Over 90% of your market isn’t listening to your advertising

Want to see which of your advertising media strategies work and which are a waste of money? It’s actually pretty easy.

 

For decades, car dealerships of all sizes have used different forms of spray and pray mass media to try and connect with car buyers. The question however, how can mass media really be measured to determine it’s true ROI. Is it a solid investment, a necessary evil, or just a waste of money?

 

For example, take two of the most popular mass media advertising line items like TV and radio. They’re each a time-worn tactic few questioned because there was no true way to track their ability to produce traffic and sales. If car buyers showed up at dealerships to buy a new or used car then the tv and radio must be working, right? If no one showed up then they were simply explained as investments for building a brand and future sales.

 

Truth is, for car dealerships, most of the money spent on spray and pray mass media campaigns is wasted. That’s because only a tiny percentage of the audience is actually in the market for a new vehicle. Common industry experts estimate as few as 2 – 4% of the market is considering purchasing a new or used vehicle from week to week.

 

What’s that mean? As much as 95% (sometimes more) of every mass media dollar invested by dealerships trying to attract car buyers simply goes to waste because it’s not reaching the right audience. People simply aren’t listening because they have no need to.

 

NUMBERS DON’T LIE

 

Over 95% media waste may sound hard to believe, but let’s look at the numbers. Assume a 2 week tv buy reaches an audience of 100,000 adults ages 25 – 54, and one commercial runs 56 times (4 times per day for 14 days) at an average of $300 per spot. That’s $16,800.

 

Now assume the tv buy is two stations deep. That’s a total of $33,600 for the entire two week tv campaign.

 

Of those 100,000 people targeted, only 4,000 of them (4%) are in the market to purchase a vehicle in the two weeks the tv commercial is running. Of those 4,000 prospects, only about 5% are in the market for the make and models of vehicles advertised. That brings the audience of viable prospects down to a whopping 200.

 

Knowing the tv buy cost $33,600, when it’s divided by 100% of the in-market prospects seeing it (200), the cost of reaching each prospect is $168. In actuality, the cost per prospect is most likely higher because it’s just not possible for 100% of all in-market prospects to see the spot. But hey, if we’re going to dream, lets dream big.

 

NOW CRUNCH THROUGH THE SALE

 

To continue this hypothetical example, assume the commercial worked really well and 50% of those prospects visit the advertised dealership during the time the spots ran (that’s 100 prospects).  Finally, let’s say the sales team is fantastic and is able to close 25% of the people who saw the tv spot and visited the dealership.

 

All told, the two week buy cost $1,344 per sale. Not exactly a stellar return on investment for even a best-case scenario. To make it even more concerning, it’s simply not possible to know each and every time customers who purchased a vehicle ever saw the tv spot. Any ROI calculations are strictly guesses and not accurate.
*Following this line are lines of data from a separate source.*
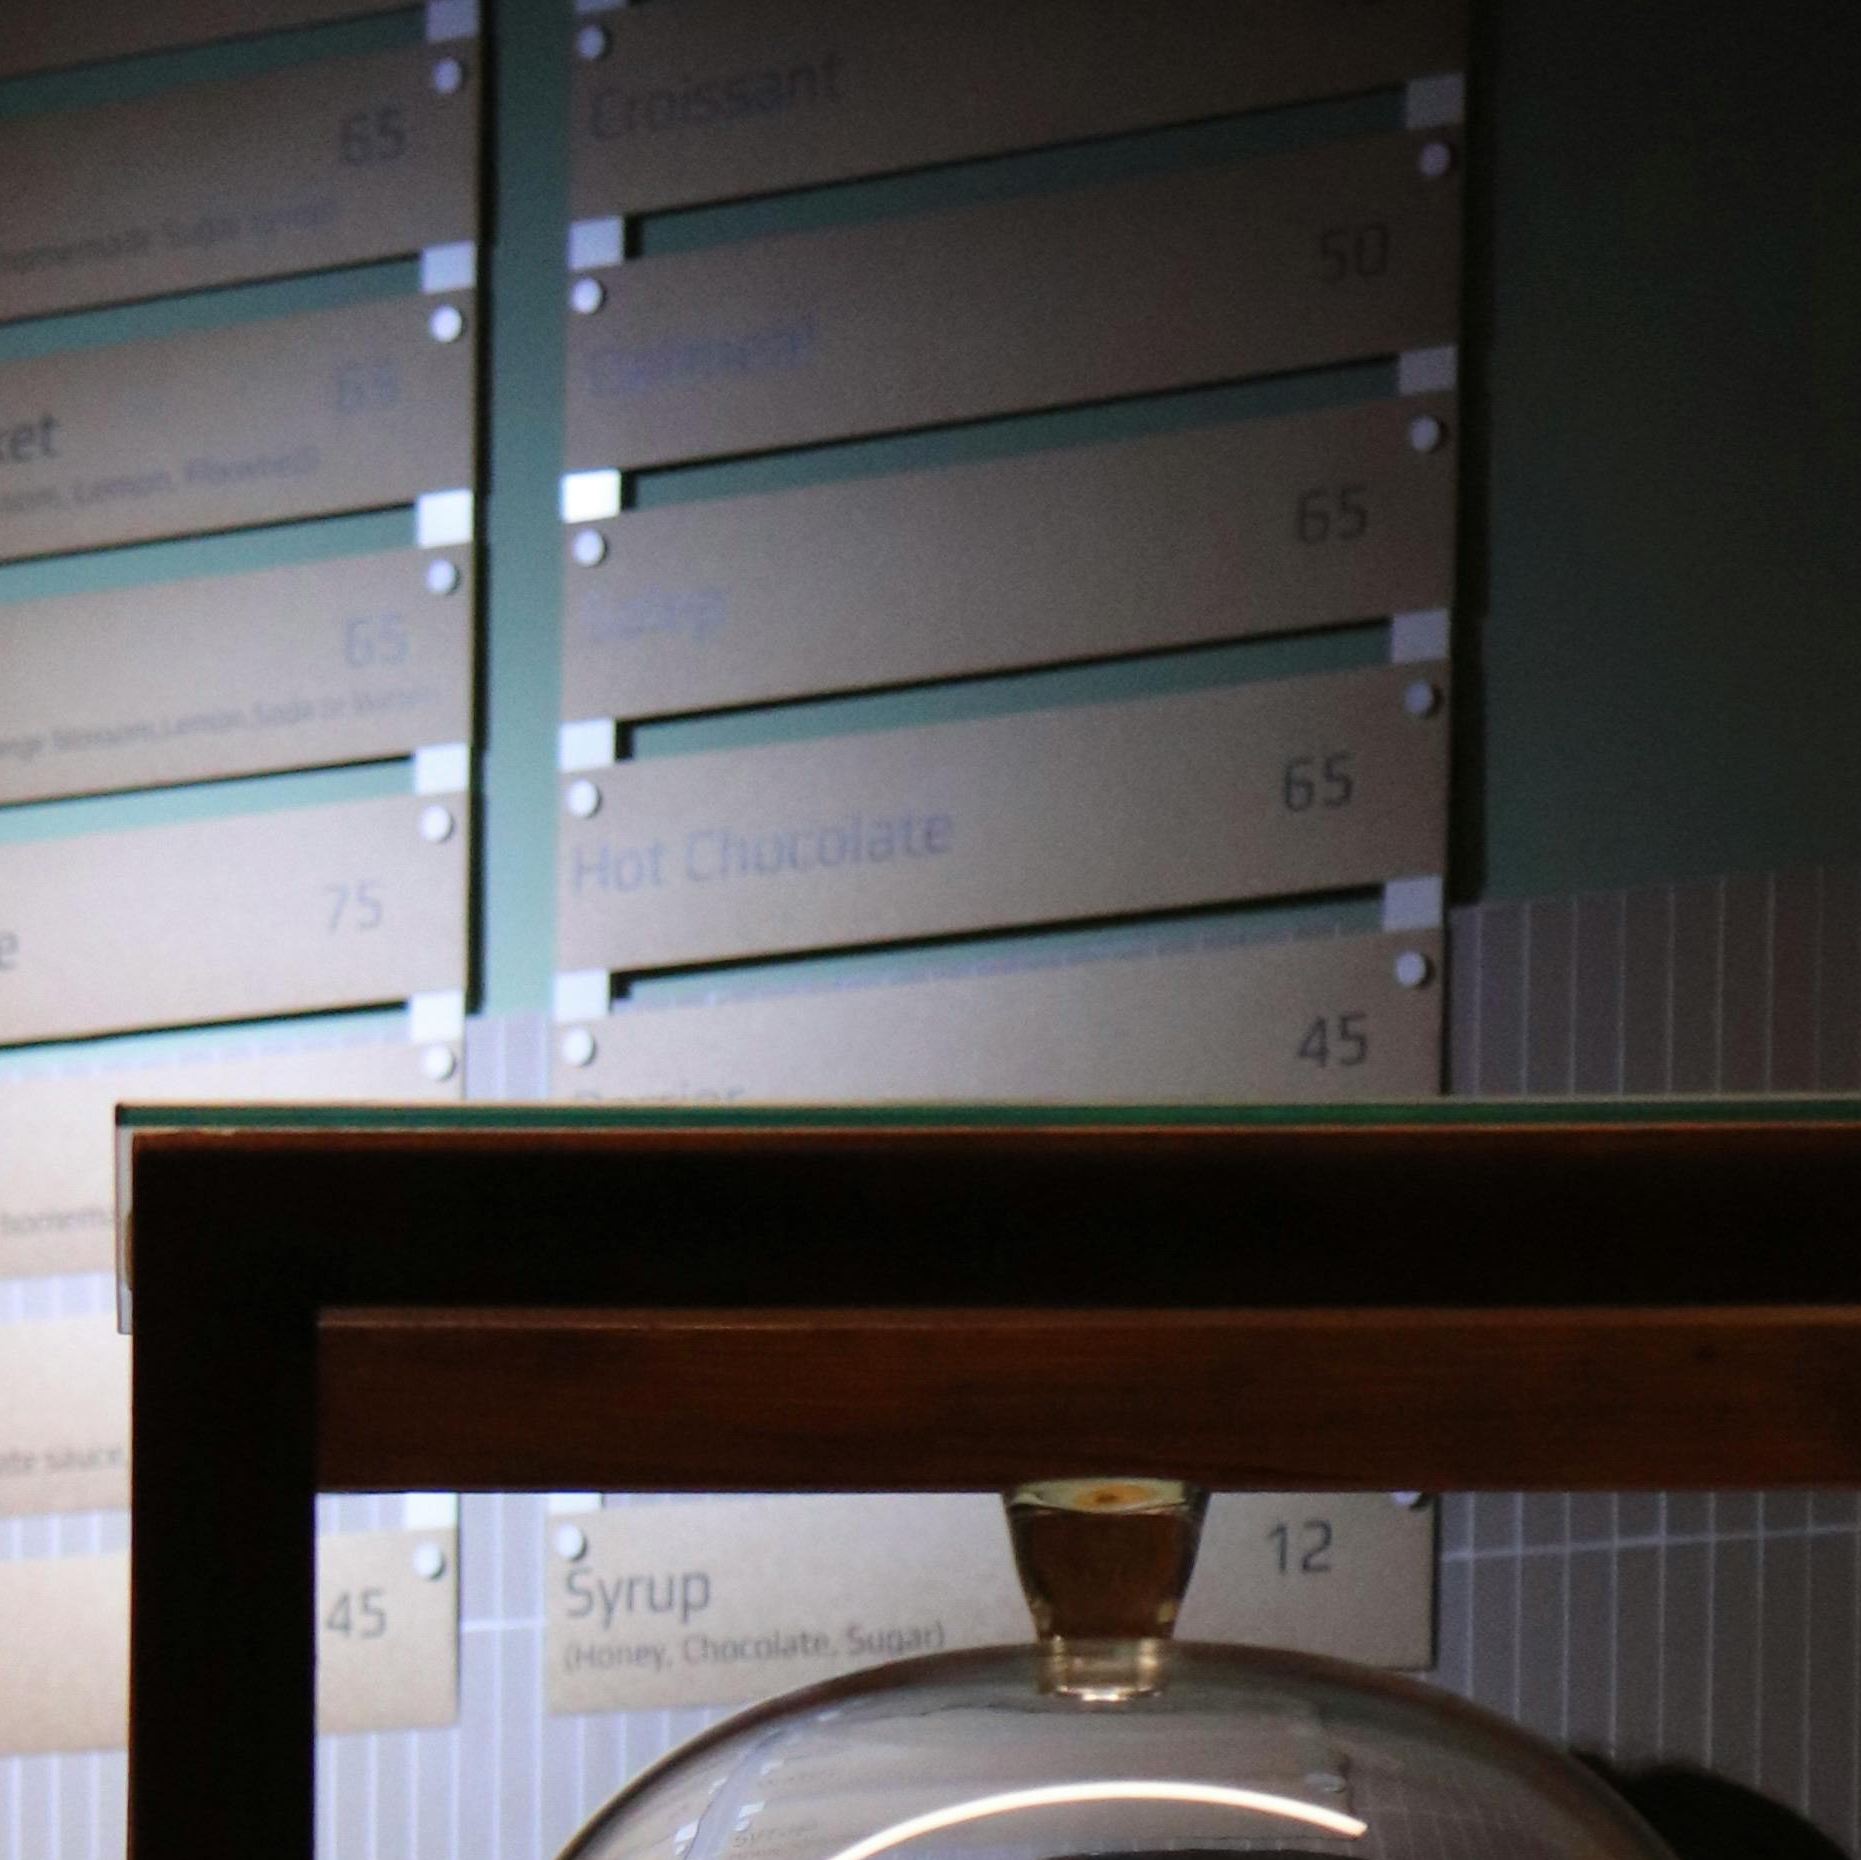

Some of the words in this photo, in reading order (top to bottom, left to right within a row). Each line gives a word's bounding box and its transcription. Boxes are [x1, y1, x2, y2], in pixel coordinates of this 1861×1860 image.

[589, 52, 845, 143] Croissant
[338, 105, 410, 169] 65
[1316, 220, 1392, 286] 50
[1294, 485, 1371, 548] 65
[342, 611, 411, 670] 65
[1281, 752, 1357, 818] 65
[570, 840, 667, 898] Hot
[684, 809, 955, 884] Chocolate
[320, 880, 386, 936] 75
[1295, 1012, 1370, 1070] 45
[562, 1563, 714, 1632] Syrup
[1263, 1517, 1336, 1579] 12
[325, 1585, 388, 1641] 45
[562, 1632, 676, 1675] (Honey,
[846, 1617, 951, 1662] Sugar)
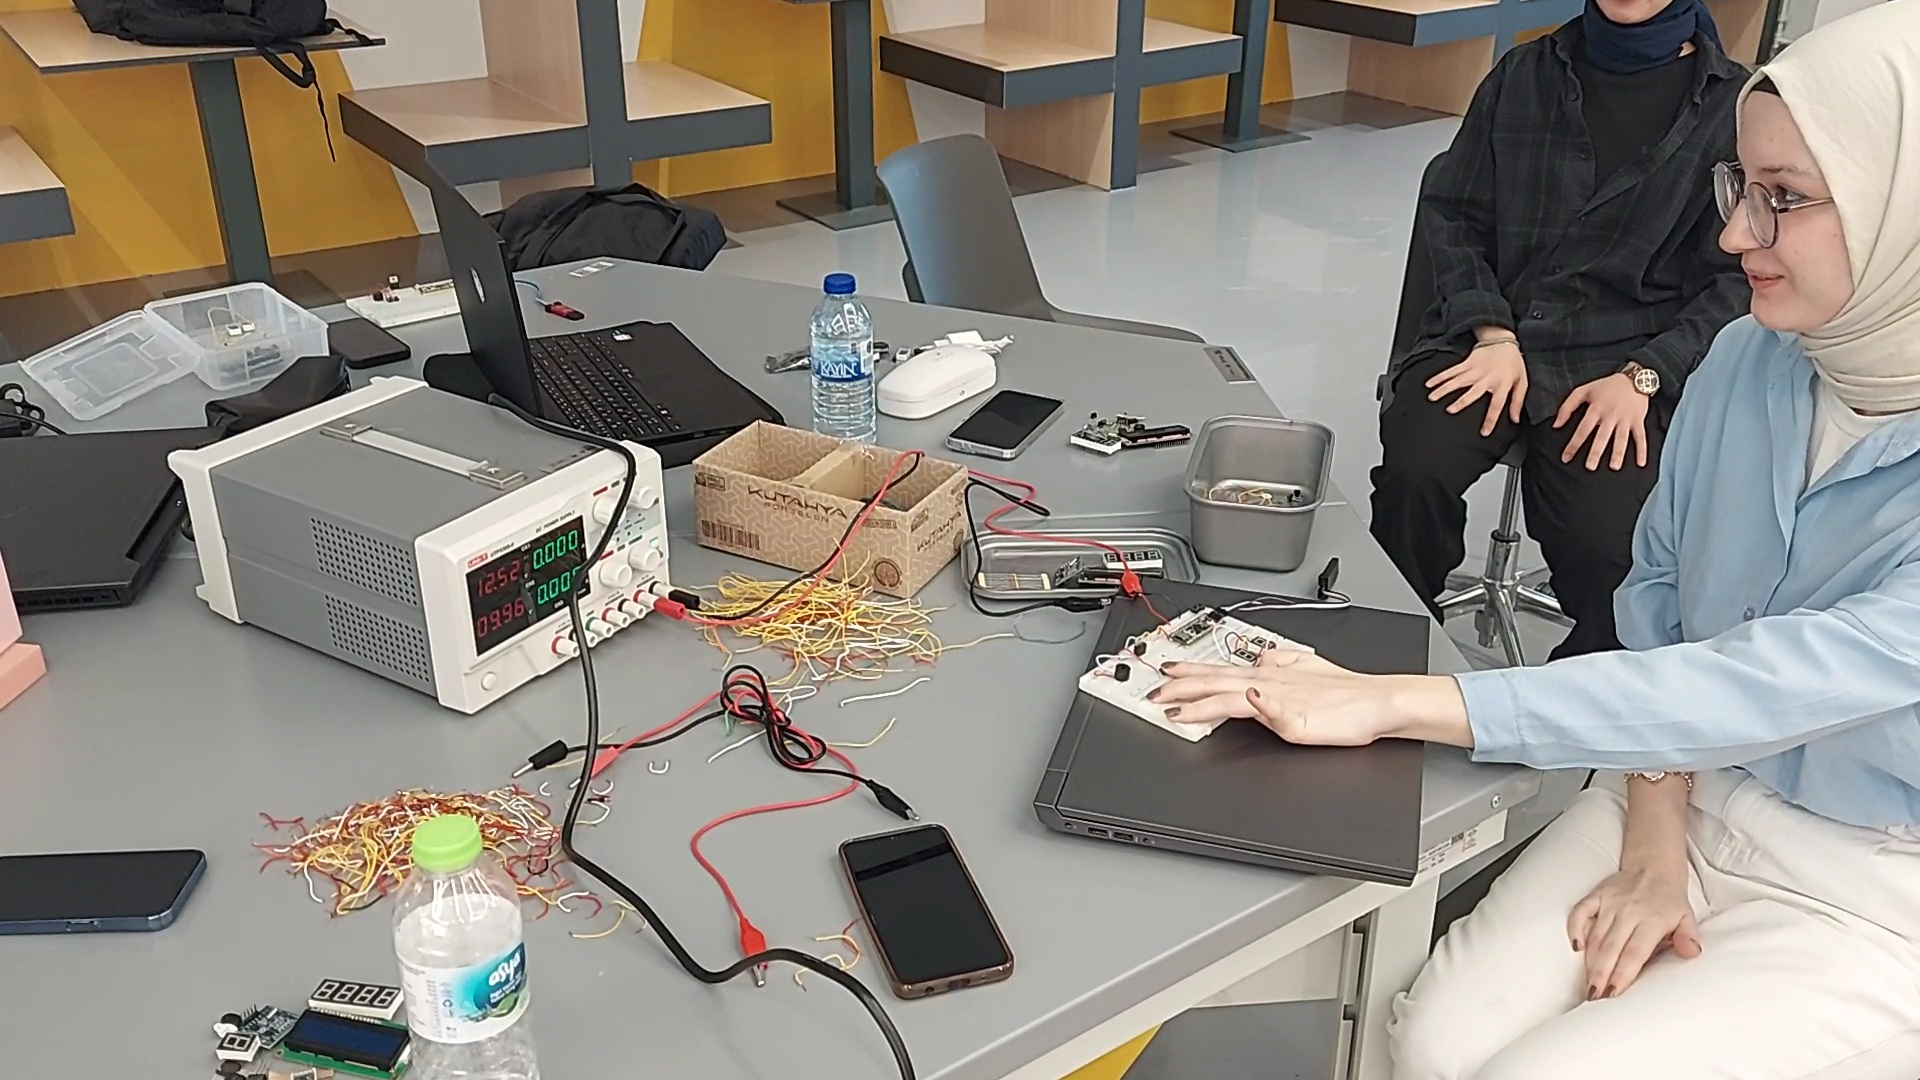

It’s possible the cost per sale could be higher.

 

WHAT’S A DEALERSHIP SUPPOSED TO DO?

 

We’re now in a day and age where, if executed properly, advertising channels are trackable to real actionable results (phone calls, floor ups, website clicks, emails, texts, and chats). Taken a step further, what really needs to happen is that every advertising channel should be tracked to the revenue it produced. If advertising can’t be tracked, then how in the world can any dealership know it’s true value and what to do with it?

 

This isn’t simply a rant about tv and radio inefficiencies (ok, it kind of is but all mass media is inefficient if consumers aren’t targeted properly). The fact is, most marketing vendors and advertising providers simply don’t go through the necessary lengths needed to target the right prospects and prove the true value of what they’re doing, even though the technology is available to do it. Instead, vendors are happy getting away with putting ads in front of anonymous audiences and discussing hypothetical results and inaccurate returns. The reason, most dealerships don’t vigorously demand to see actual proof that their advertising efforts are producing measurable revenue.

 

The technology and resources are available, right now, for dealerships to hold marketing vendors, advertising agencies, and media investments accountable for real production (all the way down to a sale, the revenue generated, and profit made). Do the math for yourself and see what each of your media sources is truly producing for your store. If the results aren’t good enough, be open minded enough to seek out and investigate strategies that may be able to perform better over the long haul.

 

Massive technological advancements in advertising delivery and tracking technology have made this an unbelievable time to re-think what’s normal and consider smarter strategies for getting the most out of your advertising investment. The dealerships that embrace a new mindset of what their advertising should produce and the value it can bring will be well positioned for sustained growth and competitive dominance for years to come.